VisionAID

GIF
VisionAid

Inspiration 💡

As we navigate the vibrant city of Calgary, with its extensive transportation network including C-trains, buses, and cabs, we often take for granted the ease of moving from one locale to another. However, for individuals with disabilities, particularly those who are visually impaired, the story is quite different. Imagine, in a city as developed as ours, 69% of the signals are not accessible to disabled people. This stark number sheds light on a significant accessibility gap that exists for nearly 60,000 visually impaired residents of Calgary, making even the simple act of walking a challenge.

How We Built It ⚙️

We built VisionAID to simplify city exploration for the visually impaired by integrating three key functionalities: Navigation, Collision Detection, and Contextual Analysis. Our approach harnesses data from a head-mounted device equipped with a Raspberry Pi as the main processor, 2 ultrasonic sensors, and a camera for image capture.

For navigation, we leverage Calgary's Open Data sets, including live transit routes, signals map, and crime statistics, along with Google Maps for precise directions. Collision detection is achieved through ultrasonic sensors and computer vision using OpenCV to identify nearby obstacles. To understand context, we utilize OpenAI's Vision APIs. Finally, the device converts all textual data into speech in real-time using Amazon Polly (Boto3), ensuring accessibility for users.

Conceptualization and Planning 📝

The project kicked off with an intensive conceptualization phase. Our team gathered to brainstorm the needs of visually impaired users and how technology could address these needs effectively. We identified key user cases that our project should cater to, such as navigating busy streets, identifying obstacles, and understanding the immediate environment through auditory feedback.

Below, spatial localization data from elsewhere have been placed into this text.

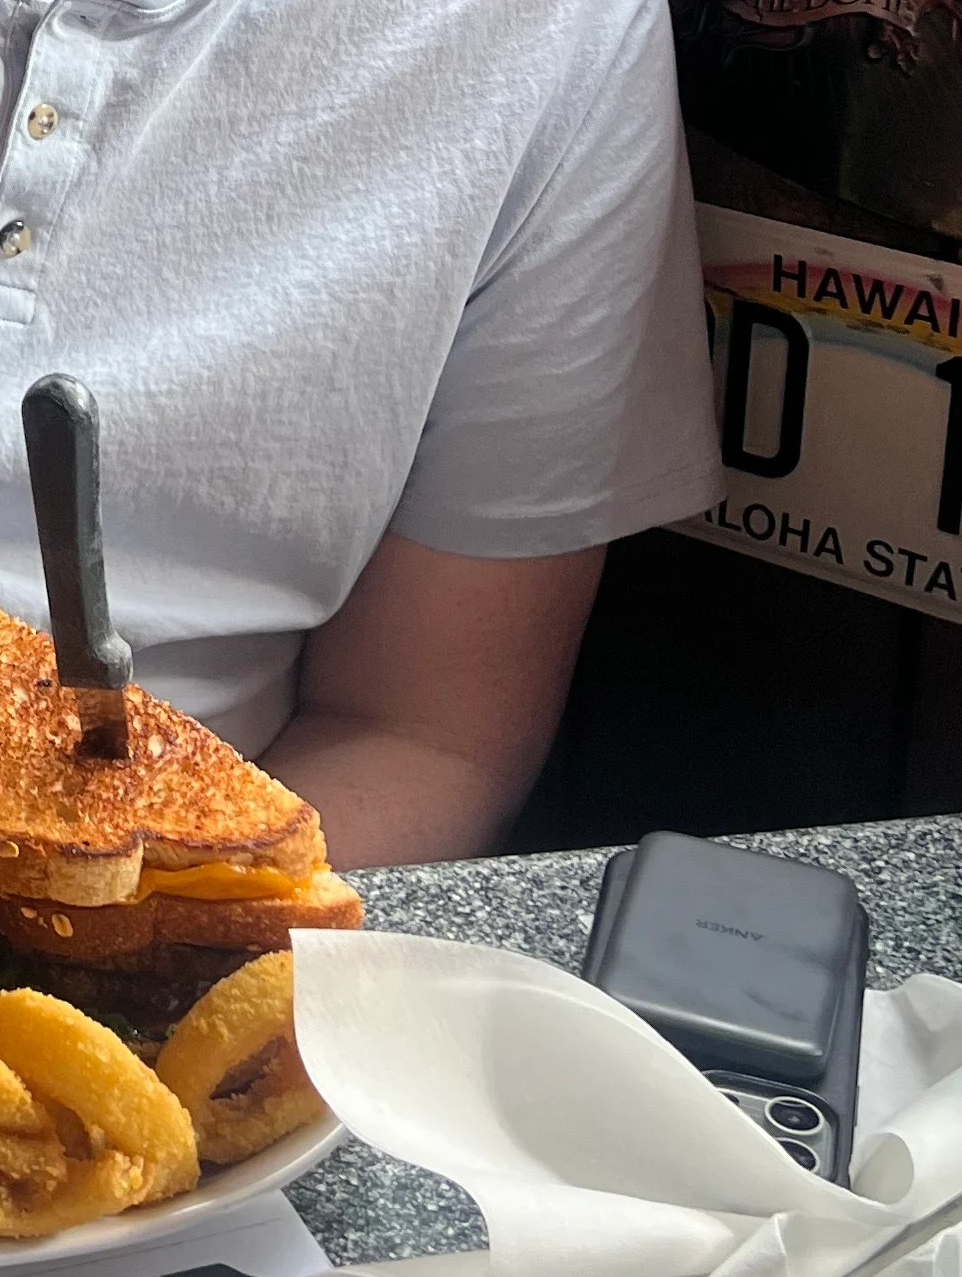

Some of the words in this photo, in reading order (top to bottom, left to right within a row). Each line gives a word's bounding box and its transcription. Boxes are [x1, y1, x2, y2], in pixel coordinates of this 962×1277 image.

[772, 254, 961, 338] HAWAI
[705, 298, 810, 478] D
[703, 495, 844, 565] LOHA
[863, 539, 962, 601] STA
[695, 918, 765, 942] ANKER
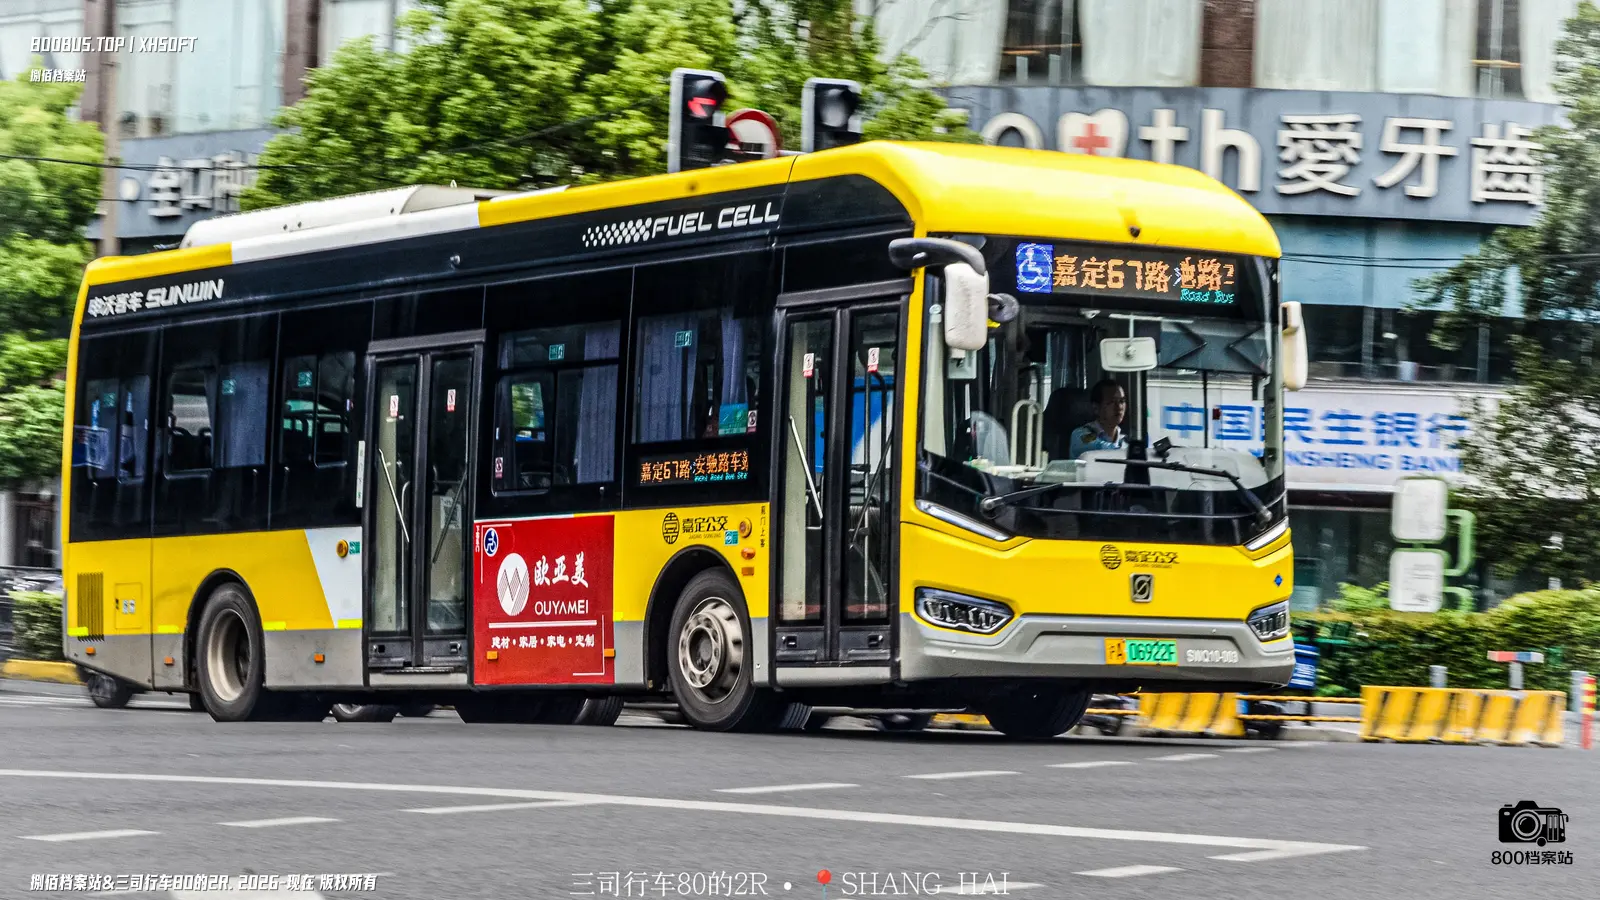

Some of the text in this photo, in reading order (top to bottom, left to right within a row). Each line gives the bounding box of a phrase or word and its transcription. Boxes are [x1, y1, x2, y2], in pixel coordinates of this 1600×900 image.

[1274, 113, 1546, 206] 愛牙齒
[651, 201, 780, 239] FUEL CELL
[1053, 254, 1170, 293] 嘉定67路
[145, 278, 225, 309] SUNWIN
[1180, 287, 1211, 303] Road
[640, 459, 691, 483] 嘉定67路
[682, 515, 729, 533] 嘉定公交
[534, 551, 589, 588] 欧亚美
[534, 599, 589, 616] OUYAMEI
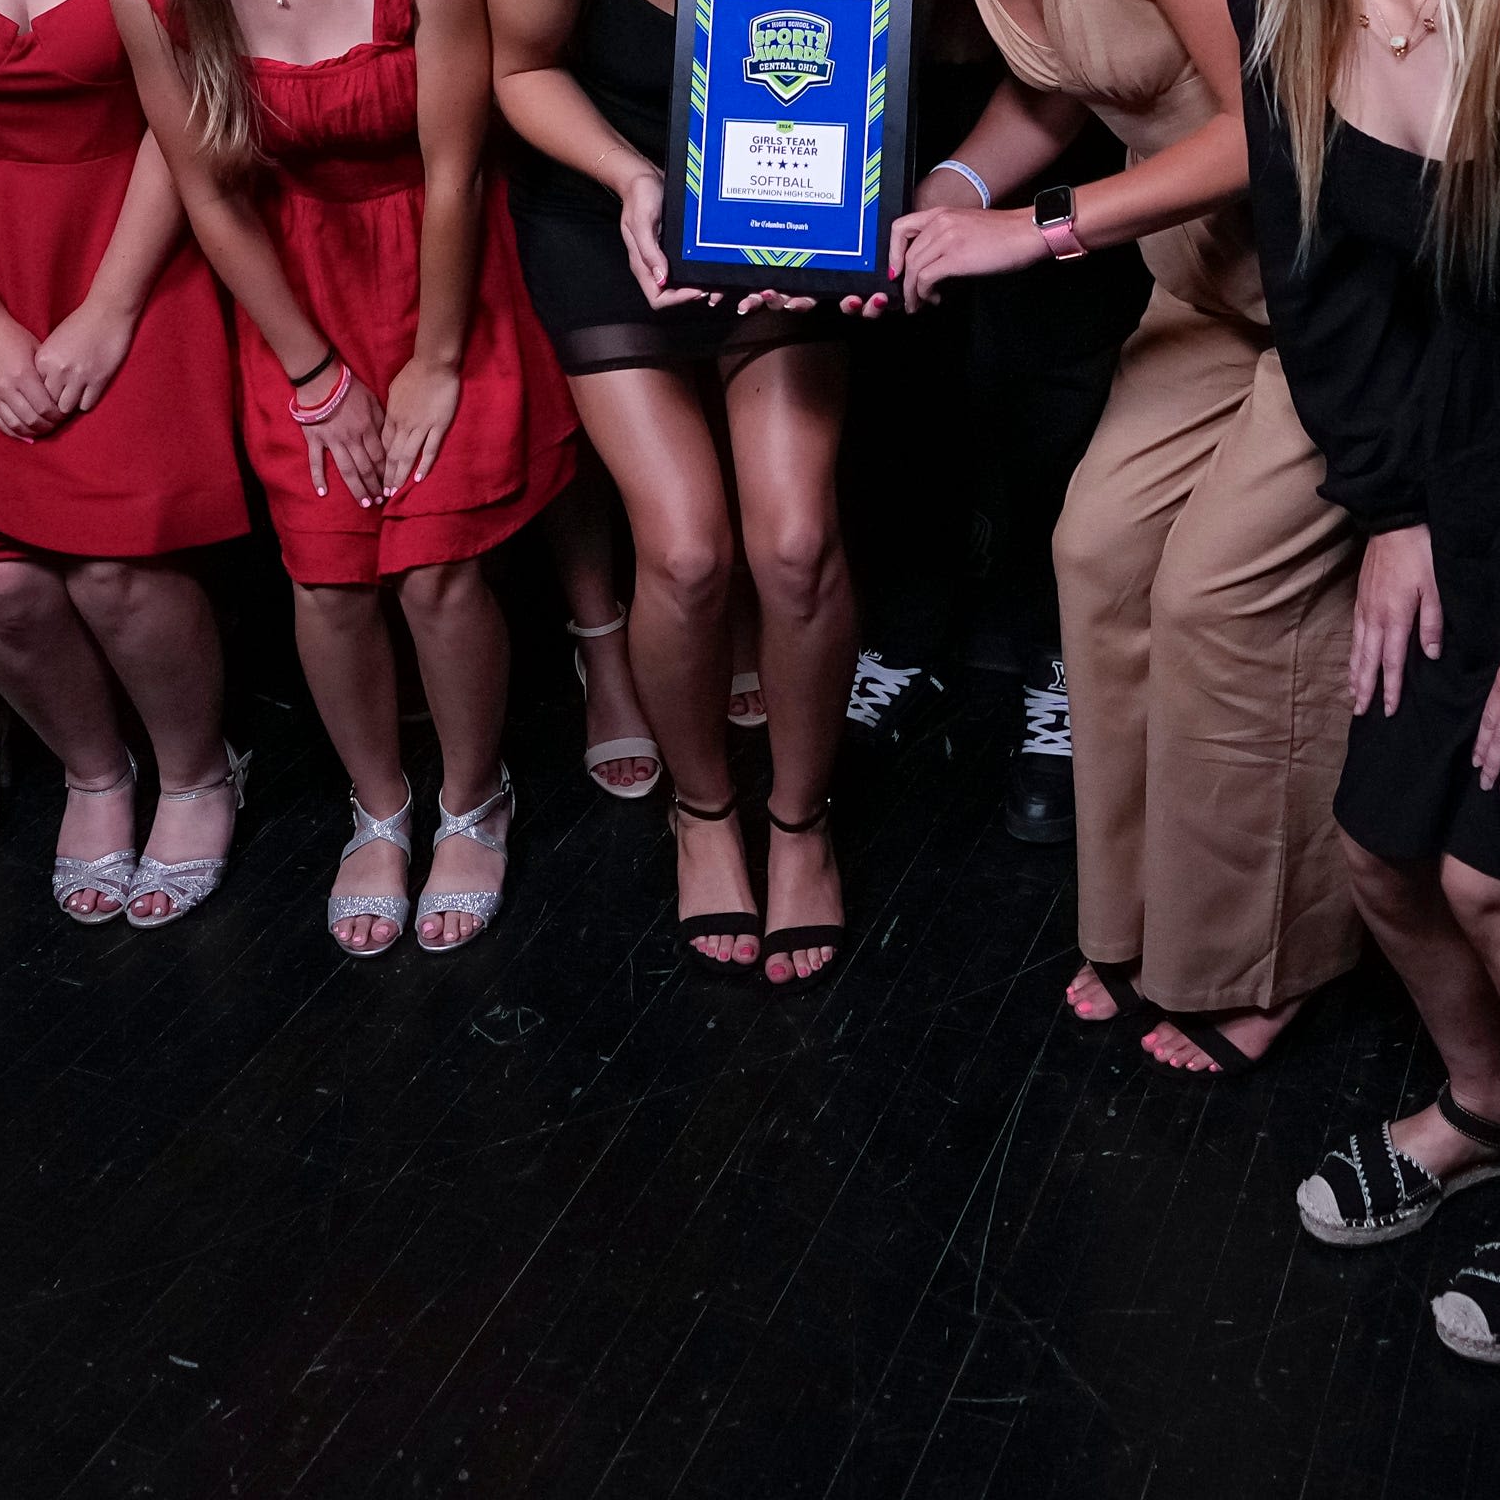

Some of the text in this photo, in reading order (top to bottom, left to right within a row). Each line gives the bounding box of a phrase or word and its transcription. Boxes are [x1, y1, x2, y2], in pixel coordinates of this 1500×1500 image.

[788, 21, 810, 29] SCHOOL
[754, 28, 827, 50] SPORTS
[752, 45, 826, 65] AWARDS
[759, 62, 818, 73] CENTRAL OHIO
[752, 135, 816, 146] GIRLS TEAM
[749, 144, 818, 156] OF THE YEAR
[749, 175, 813, 188] SOFTBALL
[726, 187, 836, 199] LIBERTY UNION HIGH SCHOOL
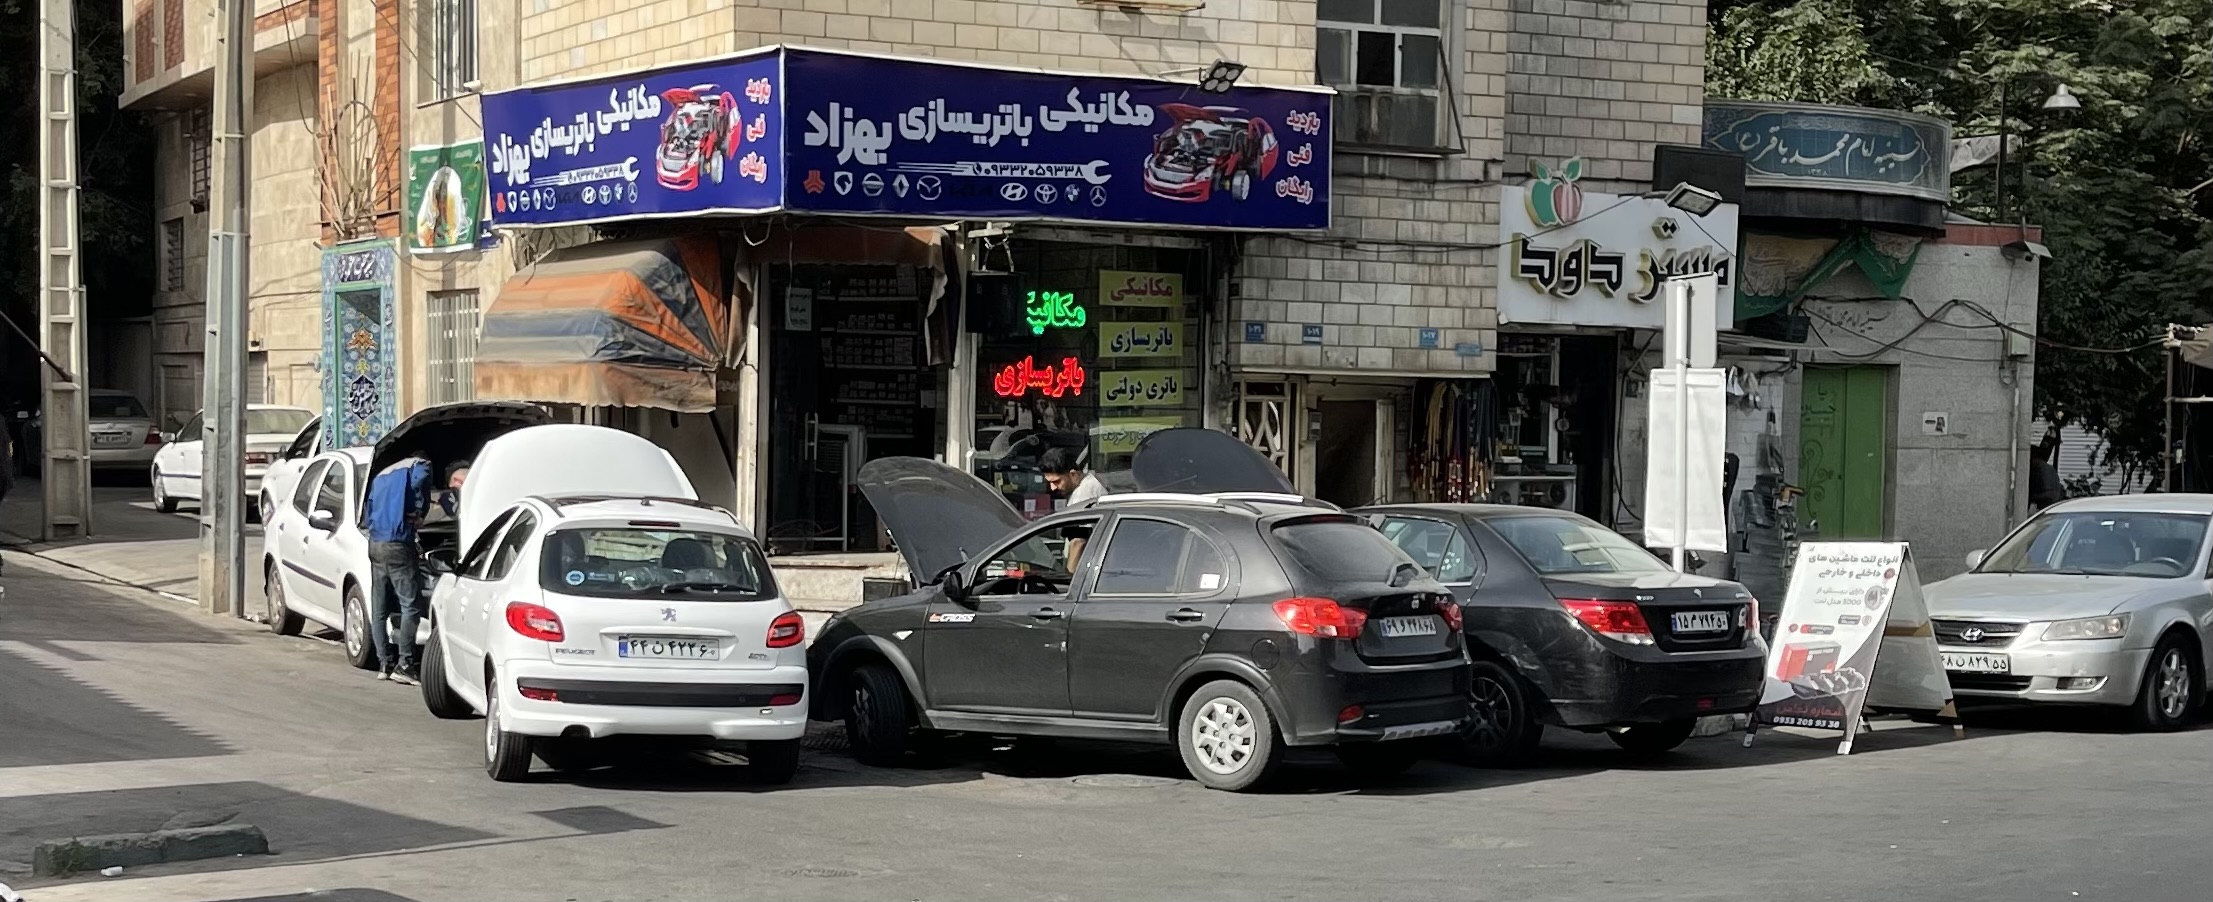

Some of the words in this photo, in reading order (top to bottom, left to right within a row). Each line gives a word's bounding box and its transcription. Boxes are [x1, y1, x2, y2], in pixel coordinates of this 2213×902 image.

[596, 84, 662, 135] مکانیکی
[1039, 87, 1154, 134] مکانیکی
[1286, 108, 1320, 136] بازدید
[530, 111, 596, 159] باتریسازی
[804, 102, 893, 165] بهزاد
[899, 98, 1034, 147] باتریسازی
[1286, 141, 1312, 166] فنی
[1753, 125, 1788, 164] باقر
[1789, 133, 1851, 166] محمد
[1845, 136, 1876, 176] امام
[492, 132, 531, 187] بهزاد
[984, 164, 1083, 176] ۰۹۳۳۲۰۵۹۳۳۸
[1275, 176, 1314, 204] رایگان
[1110, 276, 1173, 302] مکانیکی
[1026, 291, 1087, 336] مکانی
[1110, 326, 1173, 353] باتریسازی
[994, 355, 1086, 397] باتریسازی
[1146, 376, 1177, 400] باتری
[1107, 378, 1142, 401] دولتی
[1809, 554, 1827, 563] های
[1829, 554, 1859, 565] ماشین
[1861, 555, 1876, 563] لنت
[1877, 555, 1899, 567] انواع
[1819, 567, 1847, 578] خارجی
[1848, 570, 1854, 578] و
[1855, 568, 1881, 579] داخلی
[1678, 614, 1689, 629] ۱۵
[630, 639, 648, 655] ۴۴
[652, 640, 664, 654] ن
[1968, 656, 1990, 668] ۸۲۹
[1992, 659, 2007, 669] ۵۵
[1773, 716, 1795, 725] 0933
[1808, 706, 1844, 717] شماره
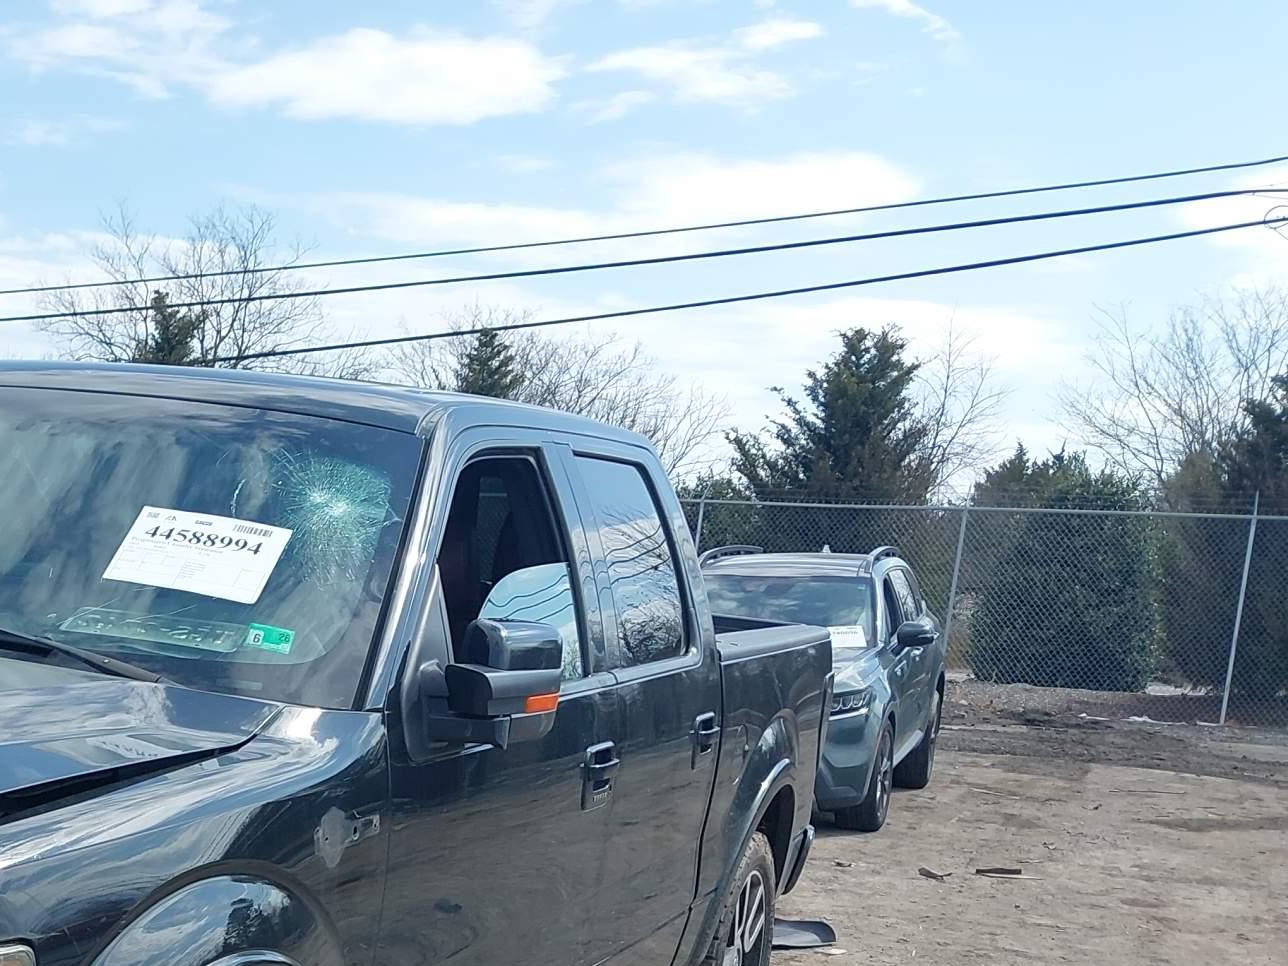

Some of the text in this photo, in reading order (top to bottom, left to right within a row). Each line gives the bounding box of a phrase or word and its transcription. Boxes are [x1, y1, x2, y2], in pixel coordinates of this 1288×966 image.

[145, 525, 263, 555] 44588994
[252, 632, 291, 644] 6 26

Understanding the constraints of a 24-hour development deadline, we scoped the project to ensure feasibility without compromising on the vision for future upgradability. This meant designing a modular system that could be expanded with more features and improved AI capabilities over time.

Primary Features 🚩

1. Navigation: VisionAID integrates Calgary's Open Data with Google Maps, providing users with audio-guided, safe, and efficient routes. It optimizes pathways by considering live transit updates, signal maps, and crime statistics to enhance travel safety.

2. Collision Avoidance: The device employs ultrasonic sensors and OpenCV technology to detect imminent obstacles in the user's path. This feature alerts users in real-time, allowing them to navigate around obstacles and maintain a clear path.

3. Contextual Analysis: Leveraging OpenAI's Vision APIs, VisionAID offers a deeper understanding of the surrounding environment by interpreting visual data and providing descriptive audio cues. This analysis aids in recognizing important landmarks, interpreting traffic signals, and providing situational awareness, enriching the navigation experience with contextual insights.

Navigation📍

For navigation, we leveraged the Calgary Open Database's maps. These comprehensive maps provided us with the necessary data to guide users through safe and accessible routes. By integrating this data into our system, we were able to offer real-time navigation assistance, tailored to the needs of visually impaired users, enhancing their mobility and independence.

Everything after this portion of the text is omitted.